YOUR INSTRUCTIONS
Give back each line of the data exactly as it reads, minus the pictures.

Spatial localization data
= Beginning of Section =
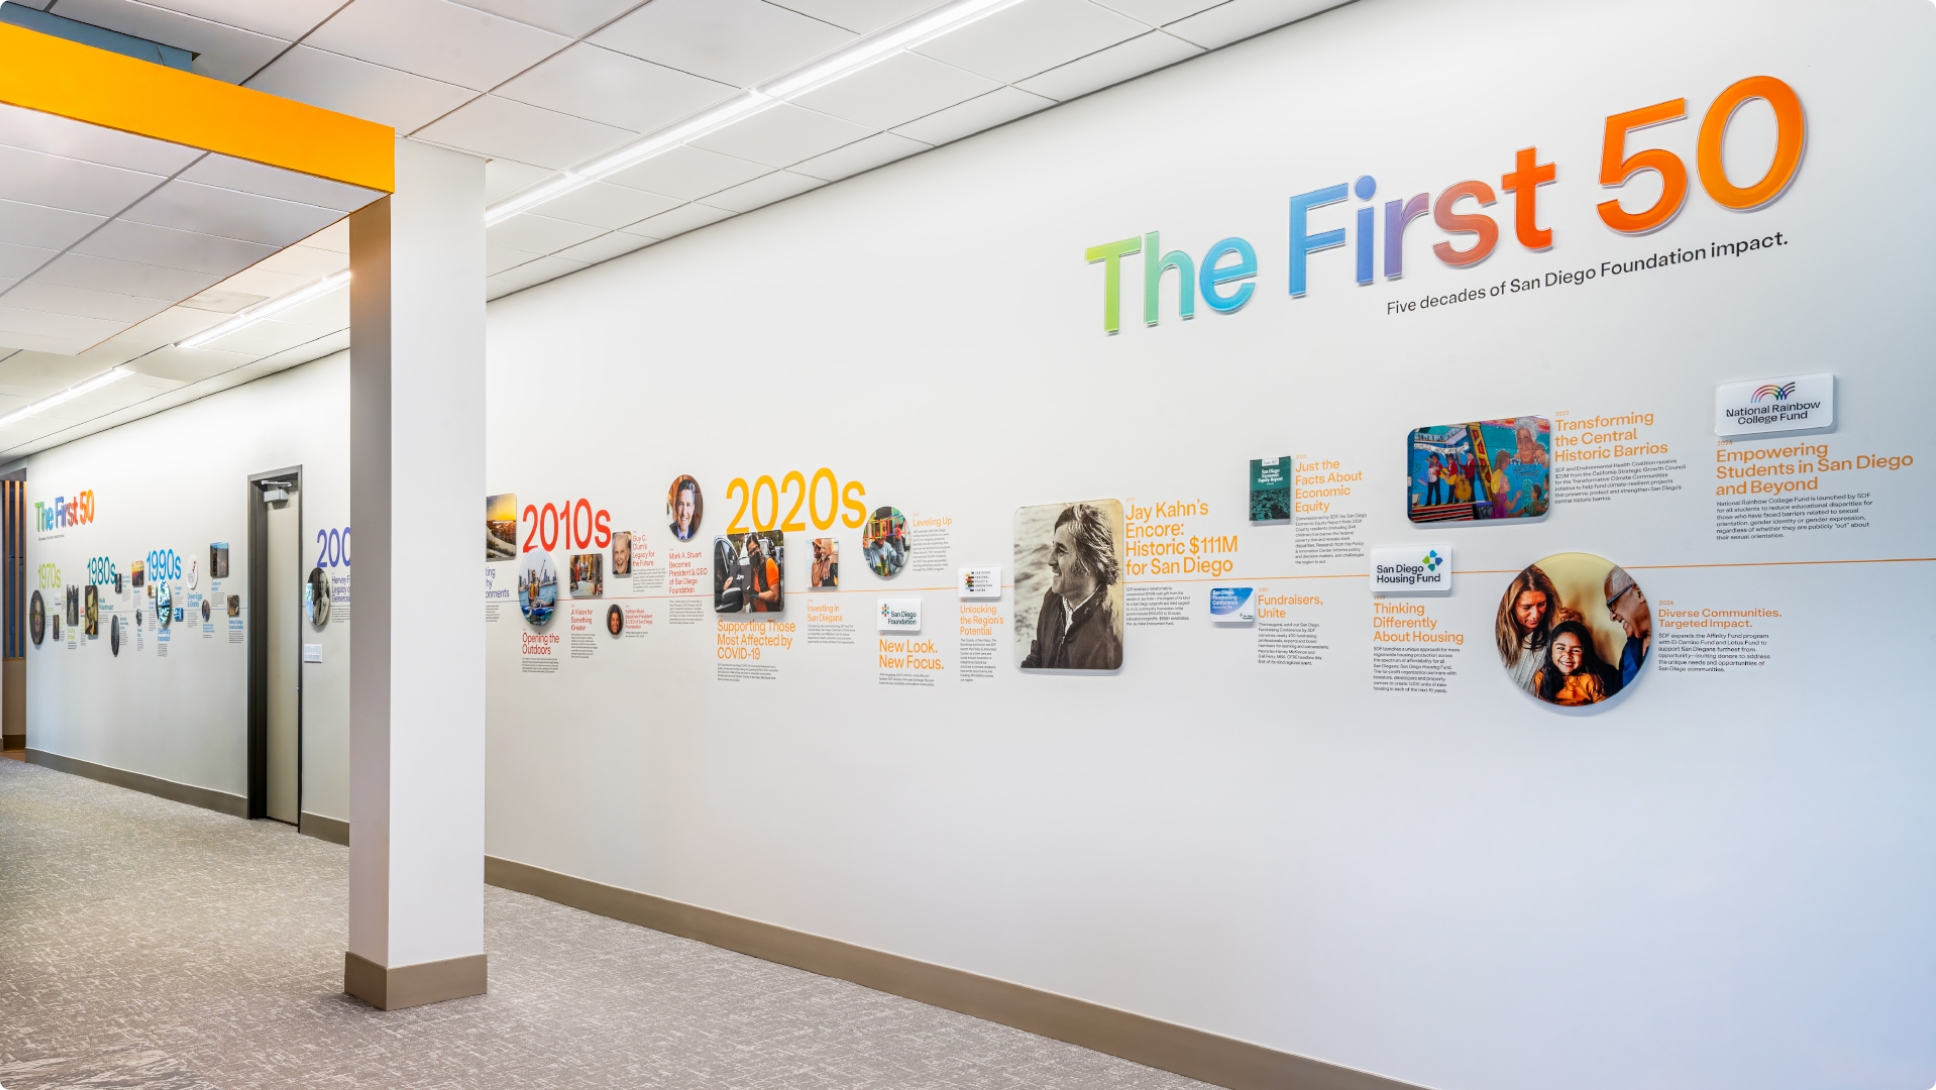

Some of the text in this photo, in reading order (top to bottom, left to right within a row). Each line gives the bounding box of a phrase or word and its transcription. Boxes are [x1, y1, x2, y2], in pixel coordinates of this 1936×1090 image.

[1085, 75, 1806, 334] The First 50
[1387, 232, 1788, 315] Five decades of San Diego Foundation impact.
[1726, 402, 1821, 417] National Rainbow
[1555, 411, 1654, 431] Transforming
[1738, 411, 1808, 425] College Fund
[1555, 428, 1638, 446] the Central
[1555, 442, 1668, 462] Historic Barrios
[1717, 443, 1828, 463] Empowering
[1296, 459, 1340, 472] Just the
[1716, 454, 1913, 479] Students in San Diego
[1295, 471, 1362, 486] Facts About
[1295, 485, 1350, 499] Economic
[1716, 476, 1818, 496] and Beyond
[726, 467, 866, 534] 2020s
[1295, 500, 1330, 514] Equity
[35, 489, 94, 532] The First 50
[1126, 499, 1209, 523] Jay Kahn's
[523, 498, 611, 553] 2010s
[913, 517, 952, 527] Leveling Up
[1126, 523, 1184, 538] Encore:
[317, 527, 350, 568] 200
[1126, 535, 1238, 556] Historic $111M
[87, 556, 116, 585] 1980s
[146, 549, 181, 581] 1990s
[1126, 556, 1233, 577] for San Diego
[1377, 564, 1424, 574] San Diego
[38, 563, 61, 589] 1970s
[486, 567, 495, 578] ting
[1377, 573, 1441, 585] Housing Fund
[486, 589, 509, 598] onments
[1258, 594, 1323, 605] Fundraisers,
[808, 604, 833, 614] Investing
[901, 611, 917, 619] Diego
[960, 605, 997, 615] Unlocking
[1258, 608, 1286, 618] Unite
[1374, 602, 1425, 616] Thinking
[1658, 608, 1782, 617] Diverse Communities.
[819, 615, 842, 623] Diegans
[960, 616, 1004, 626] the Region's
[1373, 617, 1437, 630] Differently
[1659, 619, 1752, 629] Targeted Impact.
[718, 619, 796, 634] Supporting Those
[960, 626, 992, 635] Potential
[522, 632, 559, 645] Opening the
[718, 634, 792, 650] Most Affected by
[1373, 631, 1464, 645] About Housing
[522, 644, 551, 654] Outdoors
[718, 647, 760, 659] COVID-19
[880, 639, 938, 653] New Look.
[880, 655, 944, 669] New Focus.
= End of Section =
ANSWER SECTION
Some of the text in this photo, in reading order (top to bottom, left to right within a row). Each line gives the bounding box of a phrase or word and its transcription. Boxes are [x1, y1, x2, y2], in pixel coordinates of this 1936×1090 image.

[1085, 75, 1806, 334] The First 50
[1387, 232, 1788, 315] Five decades of San Diego Foundation impact.
[1726, 402, 1821, 417] National Rainbow
[1555, 411, 1654, 431] Transforming
[1738, 411, 1808, 425] College Fund
[1555, 428, 1638, 446] the Central
[1555, 442, 1668, 462] Historic Barrios
[1717, 443, 1828, 463] Empowering
[1296, 459, 1340, 472] Just the
[1716, 454, 1913, 479] Students in San Diego
[1295, 471, 1362, 486] Facts About
[1295, 485, 1350, 499] Economic
[1716, 476, 1818, 496] and Beyond
[726, 467, 866, 534] 2020s
[1295, 500, 1330, 514] Equity
[35, 489, 94, 532] The First 50
[1126, 499, 1209, 523] Jay Kahn's
[523, 498, 611, 553] 2010s
[913, 517, 952, 527] Leveling Up
[1126, 523, 1184, 538] Encore:
[317, 527, 350, 568] 200
[1126, 535, 1238, 556] Historic $111M
[87, 556, 116, 585] 1980s
[146, 549, 181, 581] 1990s
[1126, 556, 1233, 577] for San Diego
[1377, 564, 1424, 574] San Diego
[38, 563, 61, 589] 1970s
[486, 567, 495, 578] ting
[1377, 573, 1441, 585] Housing Fund
[486, 589, 509, 598] onments
[1258, 594, 1323, 605] Fundraisers,
[808, 604, 833, 614] Investing
[901, 611, 917, 619] Diego
[960, 605, 997, 615] Unlocking
[1258, 608, 1286, 618] Unite
[1374, 602, 1425, 616] Thinking
[1658, 608, 1782, 617] Diverse Communities.
[819, 615, 842, 623] Diegans
[960, 616, 1004, 626] the Region's
[1373, 617, 1437, 630] Differently
[1659, 619, 1752, 629] Targeted Impact.
[718, 619, 796, 634] Supporting Those
[960, 626, 992, 635] Potential
[522, 632, 559, 645] Opening the
[718, 634, 792, 650] Most Affected by
[1373, 631, 1464, 645] About Housing
[522, 644, 551, 654] Outdoors
[718, 647, 760, 659] COVID-19
[880, 639, 938, 653] New Look.
[880, 655, 944, 669] New Focus.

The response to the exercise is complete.